3. MATERIALS AND METHODS

Six boreholes were drilled in different locations across parts of the main campus to a maximum depth of 15m meters each, using the shell and auger percussion drilling rig. Disturbed soil samples were collected at regular intervals of 1metres, while undisturbed soil samples were retrieved from the cohesive soil strata in the borehole with an open-tube sampler which consists essentially of a lower and upper end screwed into a drive head that is attached to a rod. Standard penetration tests and cone penetration tests were also carried out in the field. The soil samples collected were labelled and classified on the field before transporting them to the laboratory for further analysis including moisture content, atterberg limits, particle size distribution, shearbox test, unconsolidated undrained triaxial test and consolidation.

 

4. Method

4.1. Geophysical investigation

The survey method employed in this investigation for the foundation studies of subsurface structure is the Electrical Resistivity Method.  The success depends solely on the presence of suitable resistivity contrasts between earth materials. Six (6) vertical electrical soundings (VES) were conducted within the project area.

·        Maximum Electrode spreads of AB = 600m; and MN = 20m was made.

·        Maximum depth penetration of 100.8m was attained.

 

4.2. Standard penetration test

Standard penetration tests (SPT) were performed at various depths in the sand horizon. The main objective of this test is to assses the relative densities of cohesionless soils penetrated. In this test, a 50mm diameter split spoon sampler was driven 450mm into the soil with a 63kg hammer falling freely from a distance of 760mm. The number of blows for the first 150mm of penetration is not counted, while those required to drive the spoon 300mm into the soil provides an indication of the relative density of the cohesionless soil stratum and is recorded as the penetration resistance of the soil. This is also referred to as the N-value

 

4.3. Cone penetration testing (CPT)

In situ cone penetration test to estimate the soil bearing capacity were conducted using a 2.5-ton CPT machine. The test involved advancing a 60 0 steel cone with base area of 10cm2 into the ground with the view to ascertain the resistance of the soil. This was achieved by securing a winch frame to the ground by means of anchors. These anchors provide the necessary power to push the cone into the ground at the rate of 2cm/sec and the resistance to the penetration registered on a pressure guage connected to the pressure capsule was recorded.

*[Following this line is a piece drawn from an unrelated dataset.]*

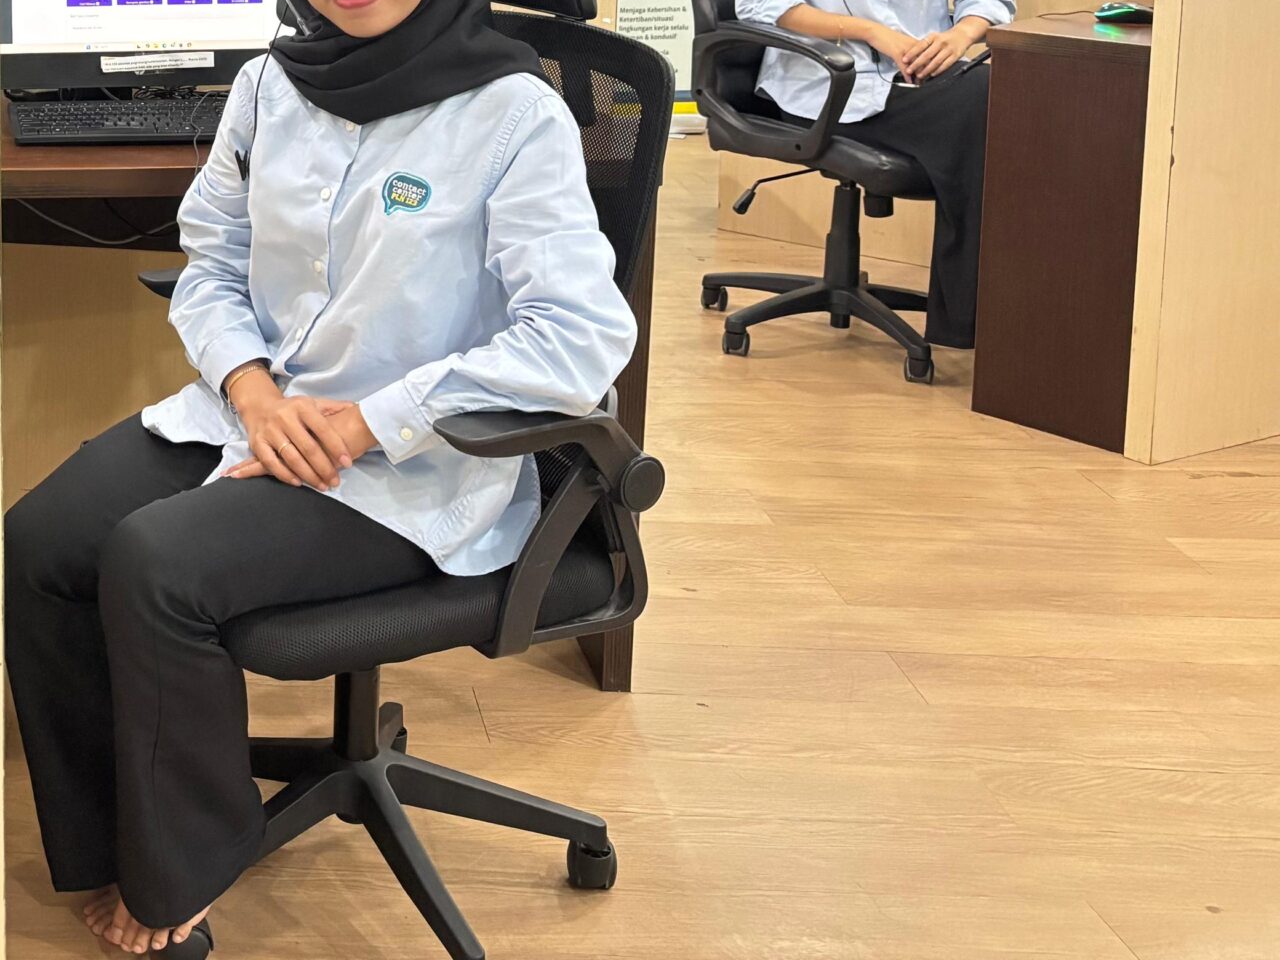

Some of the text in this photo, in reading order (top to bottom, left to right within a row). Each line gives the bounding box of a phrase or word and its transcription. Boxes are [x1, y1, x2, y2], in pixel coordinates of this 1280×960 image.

[392, 179, 427, 196] contact
[392, 186, 422, 201] center
[391, 192, 418, 206] PLN 123

At the end, series of cone resistance and sleeve friction readings were plotted against the depth and the bearing capacities of the subsoil horizons calculated.

 

4.4. Laboratory test

All tests were performed according to British Standard BS 1377 (1990) and    American Society   for   Testing   and   Materials, ASTM (1975). The   test   procedures   are   discussed below

1)    Atterberg Limits: Atterberg limits were determined on soil specimens with a particle size less than 0.425mm. The Atterberg limits refers to arbitrary defined boundaries between the liquid limit and plastic states (liquid limit, WL) and between the plastic and the brittle states (plastic limit, WP) of fine-grained soils. The liquid limit is the water content at which a part of soil placed in a standard cup and cut by a groove of standard dimensions flow together at the base of the groove when the cup is subjected to 25 standard shocks. The one-point liquid test was carried out. Distilled water was added during soil mixing to achieve the required consistency. Plastic limit is the water content at which a soil can no longer be deformed by rolling into 3mm diameter threads without crumbling. The difference between the liquid limit and the plastic limit is the plasticity index, IP

2)    Particle Size Analysis: Particle size analysis were performed by means of sieving. Sieving was carried out for particles that would be retained on a 0.075mm sieve, dry sieving was carried out by passing the soil sample over a set of standard sieve sizes and then shakes the entire units for few minutes with sieve shaker (machine).

Figure 1

Figure 1 Map of MkpatEnin Showing the Study Area- AkwaIbom State University

 

Table 1

Table 1 Coordinates of Sample Location
Sample location	Longitude	LATITUDE
BH1	E007˚45’47.2”	N04˚37’23.1”
BH2	E007˚45’44.9”	N04˚37’14.4”
BH3	E007˚45’11.8”	N04˚37’17.8”
BH4	E007˚46’34.4”	N04˚37’11.2”
BH5	E007˚46’44.4”	N04˚37’14.9”
BH6	E007˚46’40.1”	N04˚37’31.8”

 

3)    Unconsolidated undrained Triaxial: Unconsolidated undrained triaxial compression tests were performed on cohesive samples, relatively undisturbed samples obtained from the open boreholes, with the objective of determining their undrained strength parameters, in accordance with BS1377, Part2, 1990

4)    Direct Shear Test: The soil specimen is loaded into the shear box which split into two halves along a horizontal plane at its middle. The box is square with 60mm sides and 50mm high. It is made up of brass metal. It is placed inside a larger box-container and mounted on the loading frame. A proving ring is fitted to the upper halve of the box to measure the shear force. The proving ring which butts against a fixed support records the shear force as the box moves and the shear displacement is measured with a dial gauge fitted to the container. Another dial gauge fitted to the top of the pressure pad measures the change in the thickness of the specimen.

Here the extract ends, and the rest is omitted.